Every line of the data below must be output exactly, with images left out.

══ Records

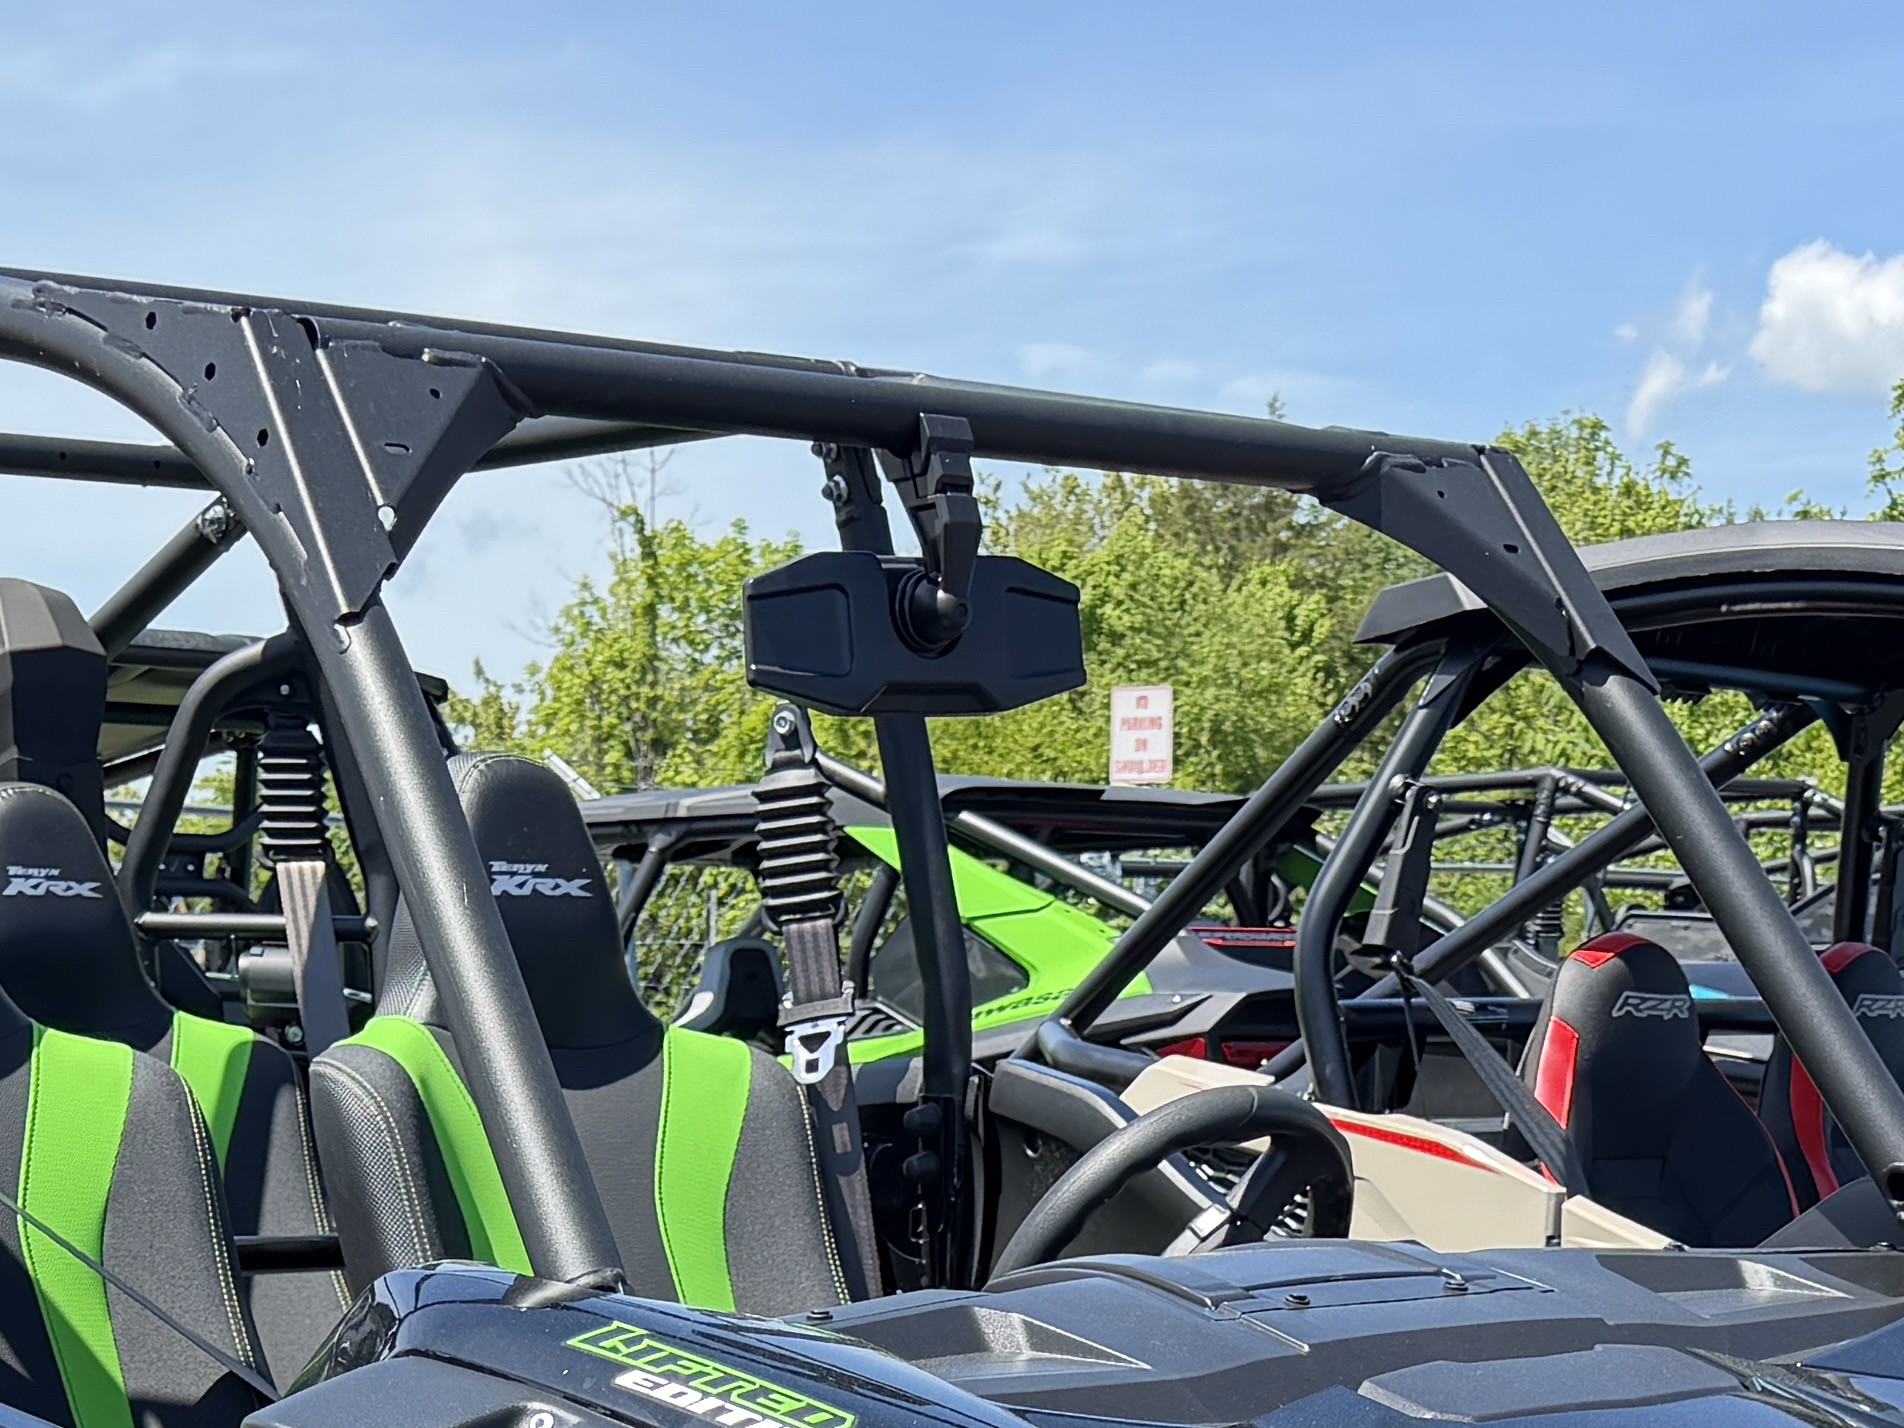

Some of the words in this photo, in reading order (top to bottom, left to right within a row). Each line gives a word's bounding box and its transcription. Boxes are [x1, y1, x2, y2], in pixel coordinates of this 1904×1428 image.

[1, 877, 104, 899] KRX
[489, 874, 594, 897] KRX
[1611, 990, 1692, 1020] RZR
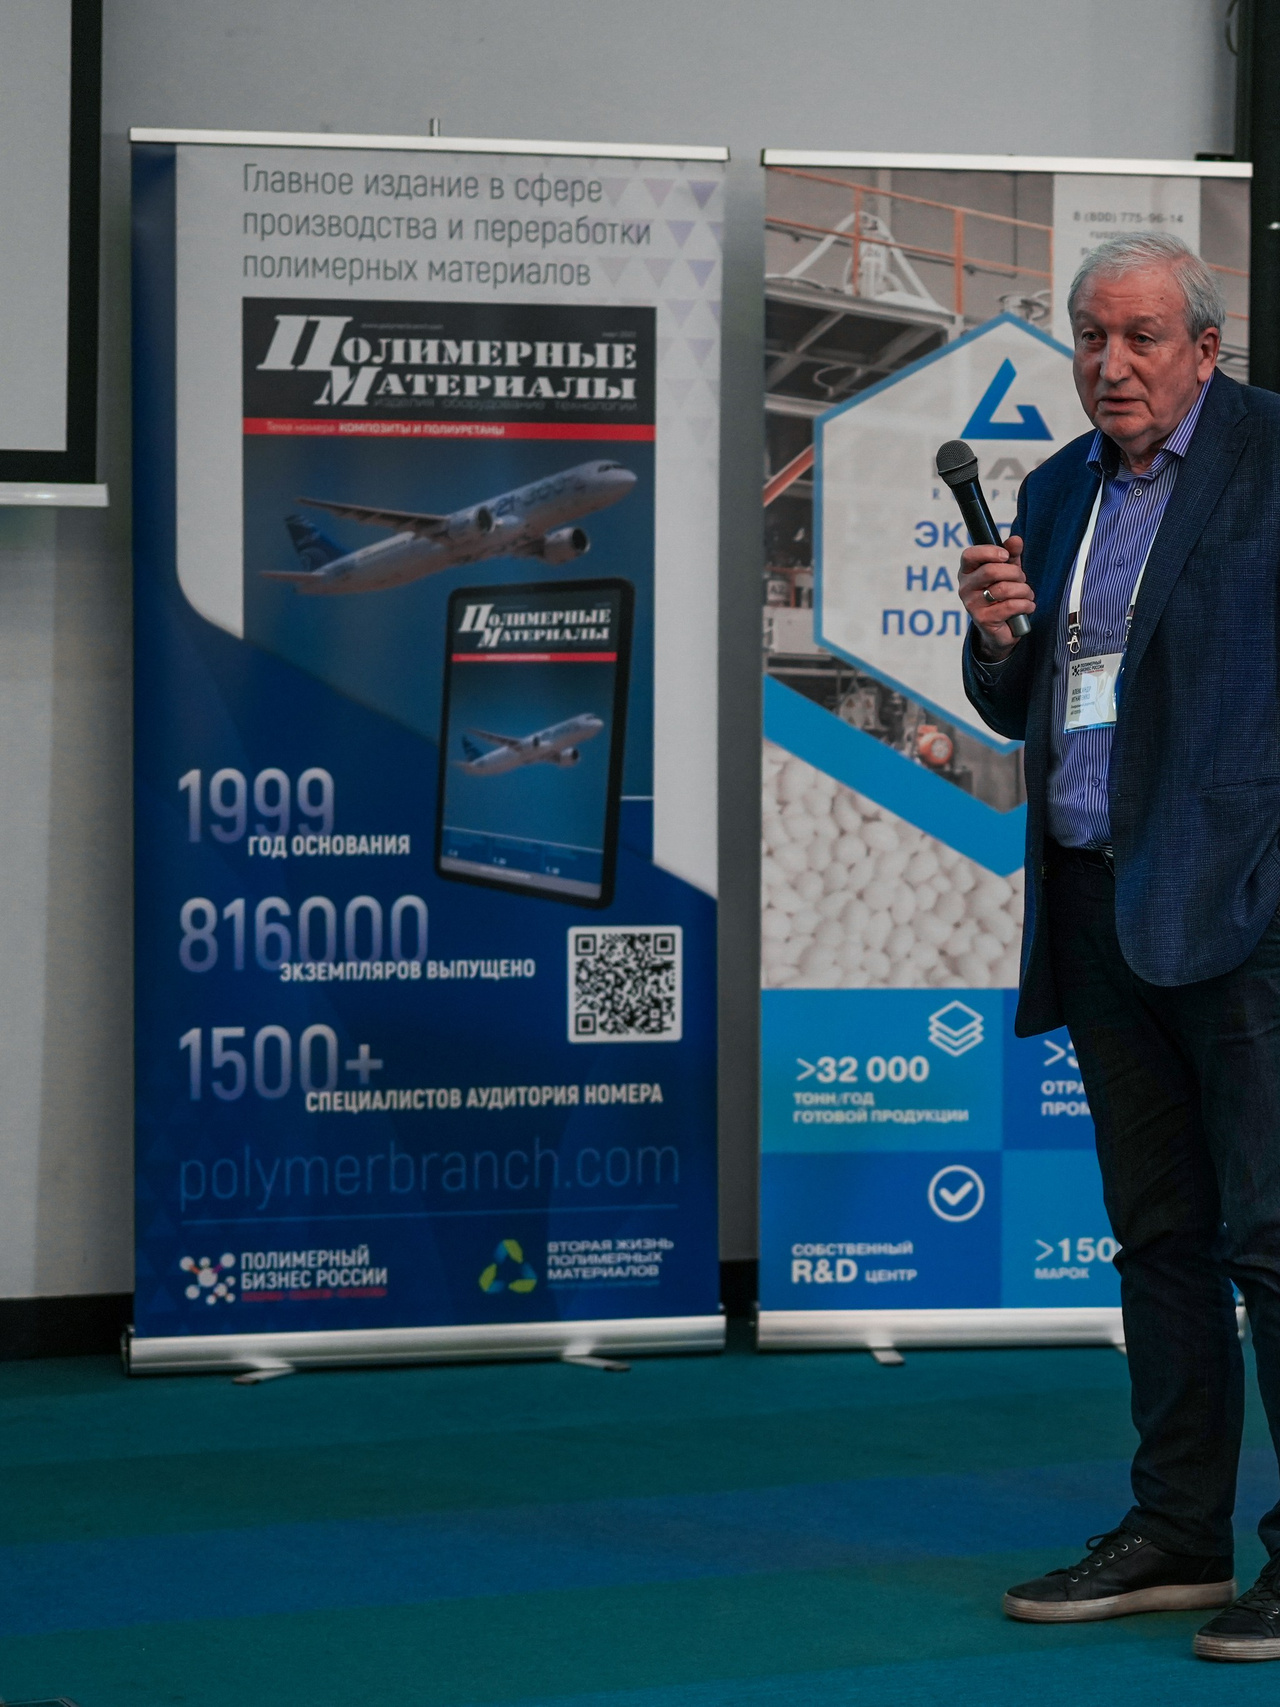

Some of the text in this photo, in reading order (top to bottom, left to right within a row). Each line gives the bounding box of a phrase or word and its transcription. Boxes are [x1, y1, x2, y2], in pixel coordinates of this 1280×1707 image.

[243, 163, 602, 207] Главное издание в сфере
[243, 212, 651, 249] производства и переработки
[243, 255, 591, 289] полимерных материалов
[256, 314, 637, 371] ПОЛИМЕРНЫЕ
[313, 366, 637, 406] МАТЕРИАЛЫ
[906, 565, 954, 592] НА
[178, 767, 335, 844] 1999
[248, 834, 411, 858] ГОД ОСНОВАНИЯ
[179, 895, 429, 973] 816000
[280, 958, 536, 982] ЭКЗЕМПЛЯРОВ ВЫПУЩЕНО
[179, 1024, 383, 1100] 1500+
[796, 1055, 930, 1083] >32 000
[306, 1083, 663, 1113] СПЕЦИАЛИСТОВ АУДИТОРИЯ НОМЕРА
[793, 1108, 969, 1125] ГОТОВОЙ ПРОДУКЦИИ
[180, 1137, 679, 1213] polymerbranch.com
[241, 1244, 369, 1270] ПОЛИМЕРНЫЙ
[547, 1238, 674, 1253] ВТОРАЯ ЖИЗНЬ
[792, 1240, 914, 1256] СОБСТВЕННЫЙ
[547, 1252, 663, 1267] ПОЛИМЕРНЫХ
[547, 1264, 660, 1280] МАТЕРИАЛОВ
[791, 1258, 918, 1285] R&D ЦЕНТР
[1034, 1266, 1090, 1279] МАРОК
[241, 1268, 388, 1290] БИЗНЕС РОССИИ
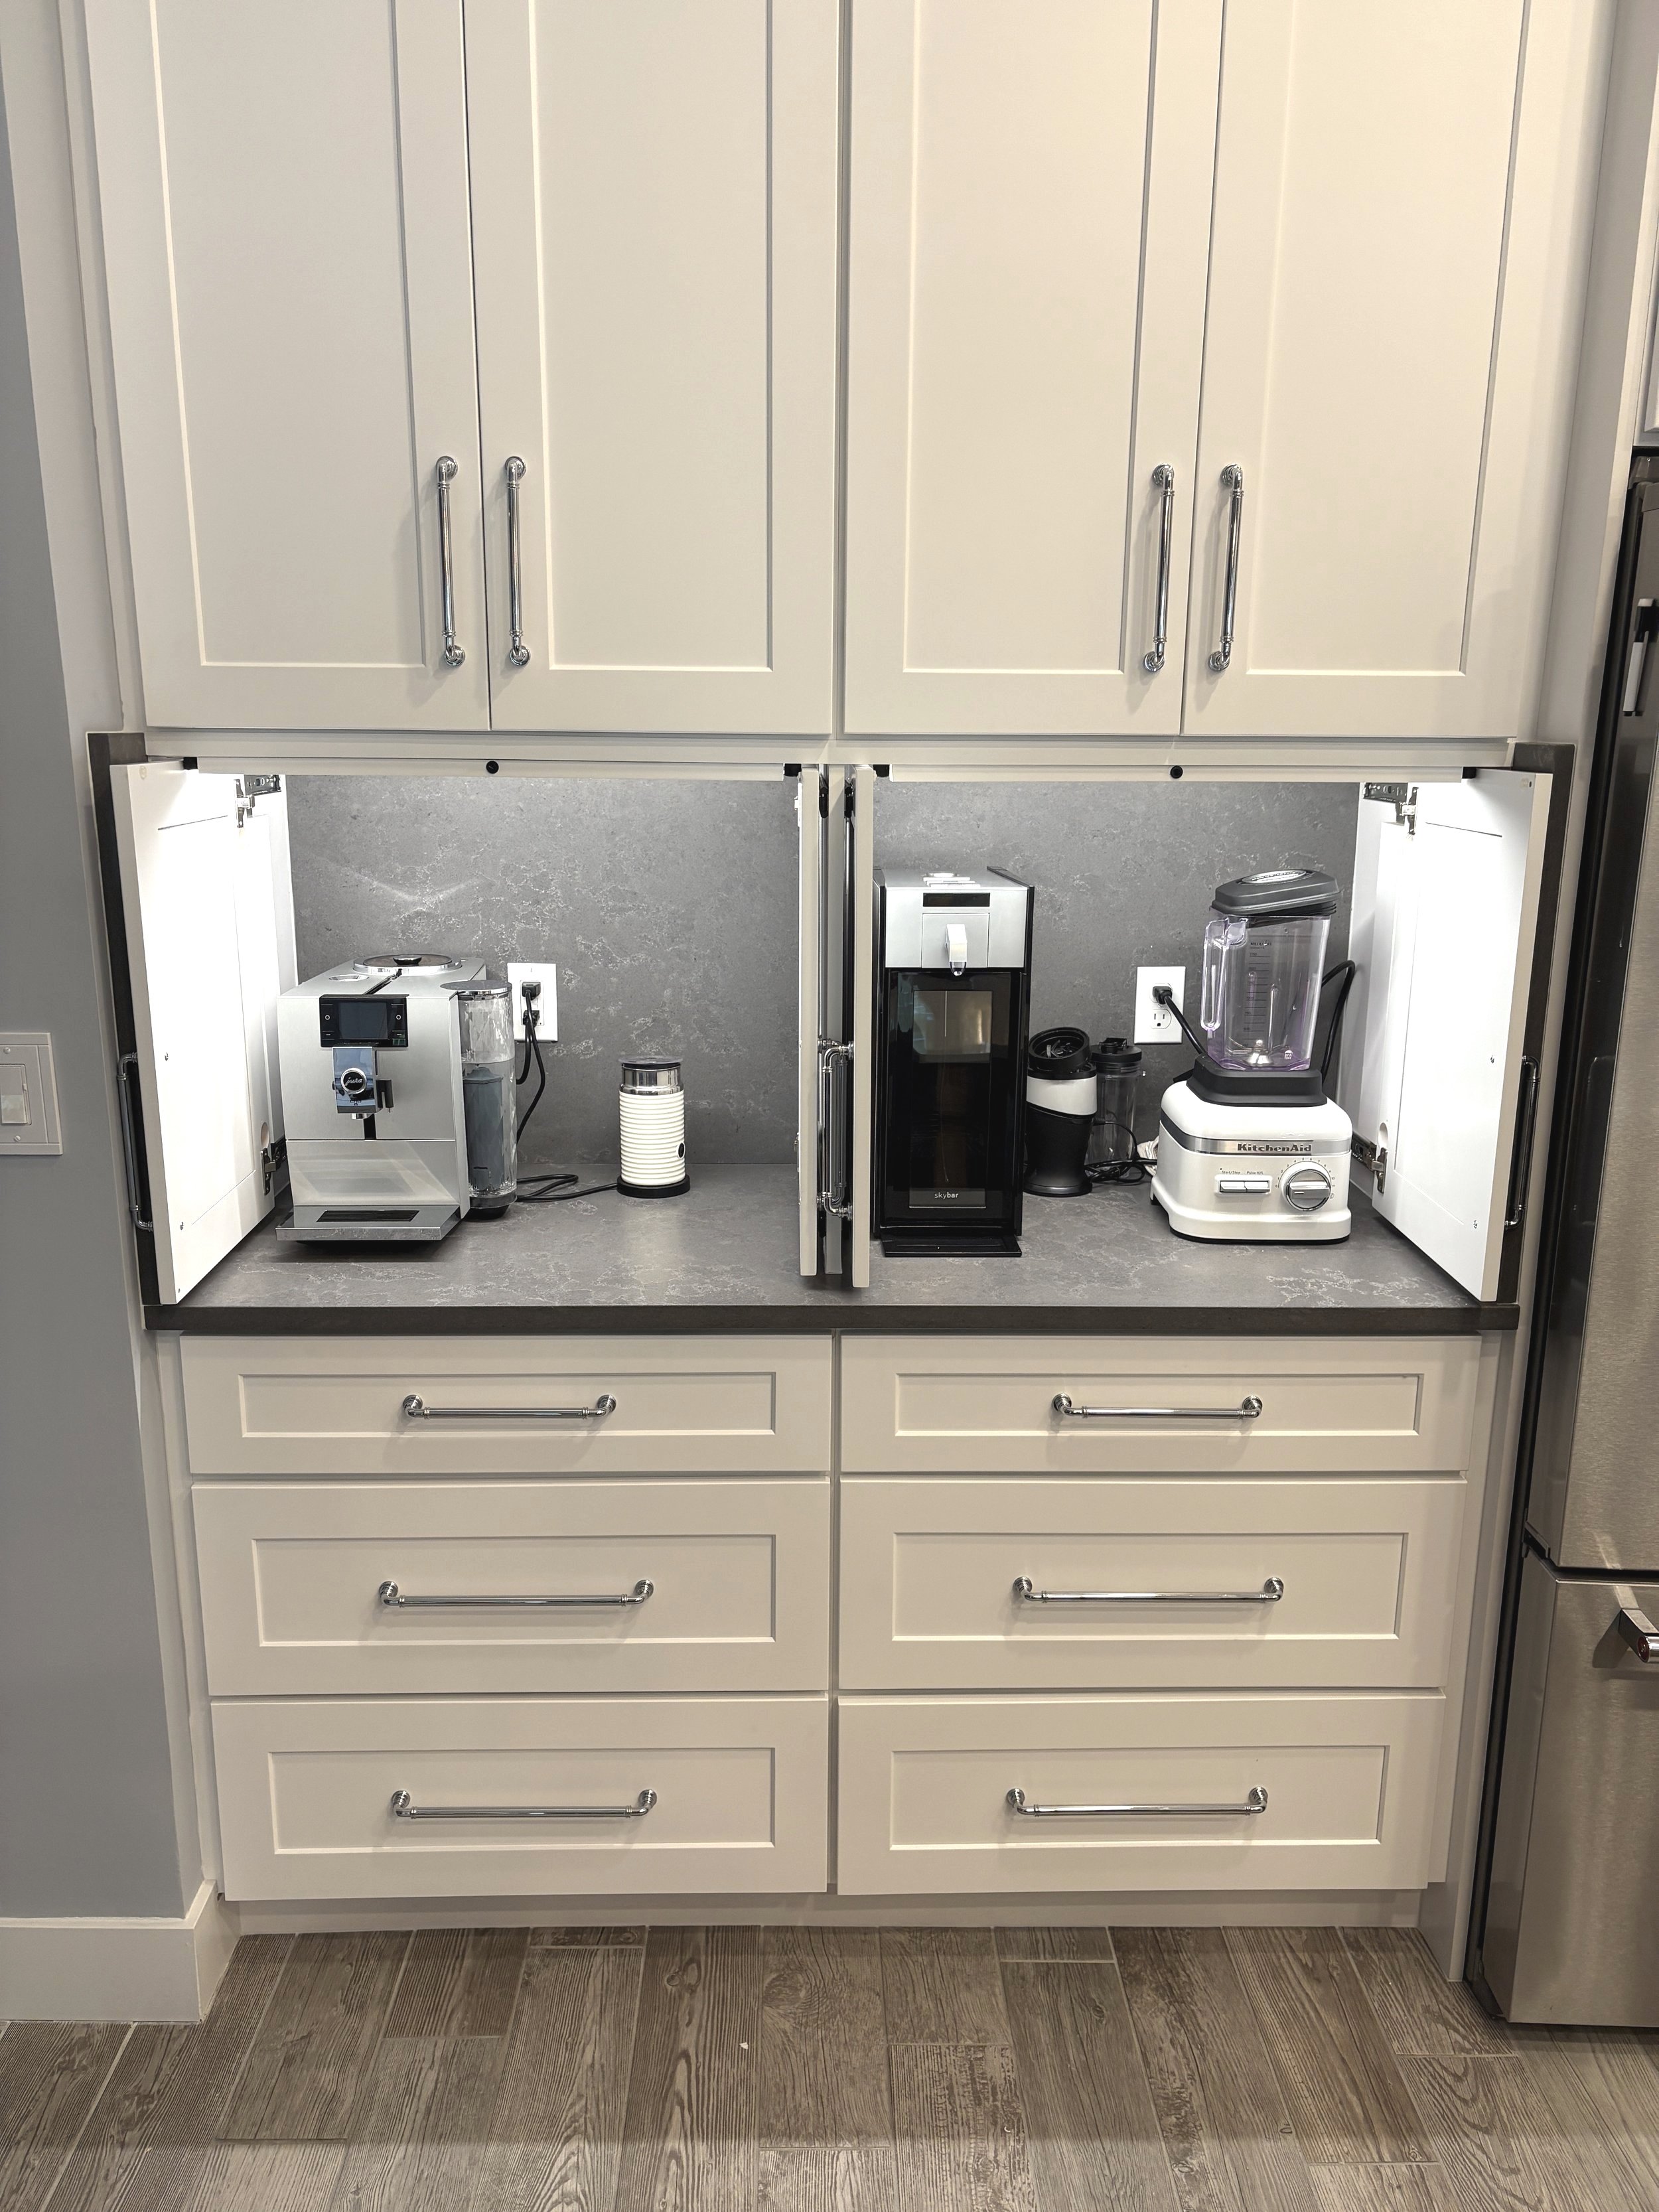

════

Written response:
Some of the words in this photo, in reading order (top to bottom, left to right within a row). Each line gives a word's bounding box and its transcription. Boxes are [x1, y1, x2, y2], in pixel coordinates of this 1904×1428 image.

[1, 877, 104, 899] KRX
[489, 874, 594, 897] KRX
[1611, 990, 1692, 1020] RZR

Some of the text in this photo, in reading order (top to bottom, left to right within a row). Each line gives the bounding box of a phrase or word and its transcription. Boxes are [x1, y1, x2, y2], in pixel coordinates of this 1280×1707 image.

[243, 163, 602, 207] Главное издание в сфере
[243, 212, 651, 249] производства и переработки
[243, 255, 591, 289] полимерных материалов
[256, 314, 637, 371] ПОЛИМЕРНЫЕ
[313, 366, 637, 406] МАТЕРИАЛЫ
[906, 565, 954, 592] НА
[178, 767, 335, 844] 1999
[248, 834, 411, 858] ГОД ОСНОВАНИЯ
[179, 895, 429, 973] 816000
[280, 958, 536, 982] ЭКЗЕМПЛЯРОВ ВЫПУЩЕНО
[179, 1024, 383, 1100] 1500+
[796, 1055, 930, 1083] >32 000
[306, 1083, 663, 1113] СПЕЦИАЛИСТОВ АУДИТОРИЯ НОМЕРА
[793, 1108, 969, 1125] ГОТОВОЙ ПРОДУКЦИИ
[180, 1137, 679, 1213] polymerbranch.com
[241, 1244, 369, 1270] ПОЛИМЕРНЫЙ
[547, 1238, 674, 1253] ВТОРАЯ ЖИЗНЬ
[792, 1240, 914, 1256] СОБСТВЕННЫЙ
[547, 1252, 663, 1267] ПОЛИМЕРНЫХ
[547, 1264, 660, 1280] МАТЕРИАЛОВ
[791, 1258, 918, 1285] R&D ЦЕНТР
[1034, 1266, 1090, 1279] МАРОК
[241, 1268, 388, 1290] БИЗНЕС РОССИИ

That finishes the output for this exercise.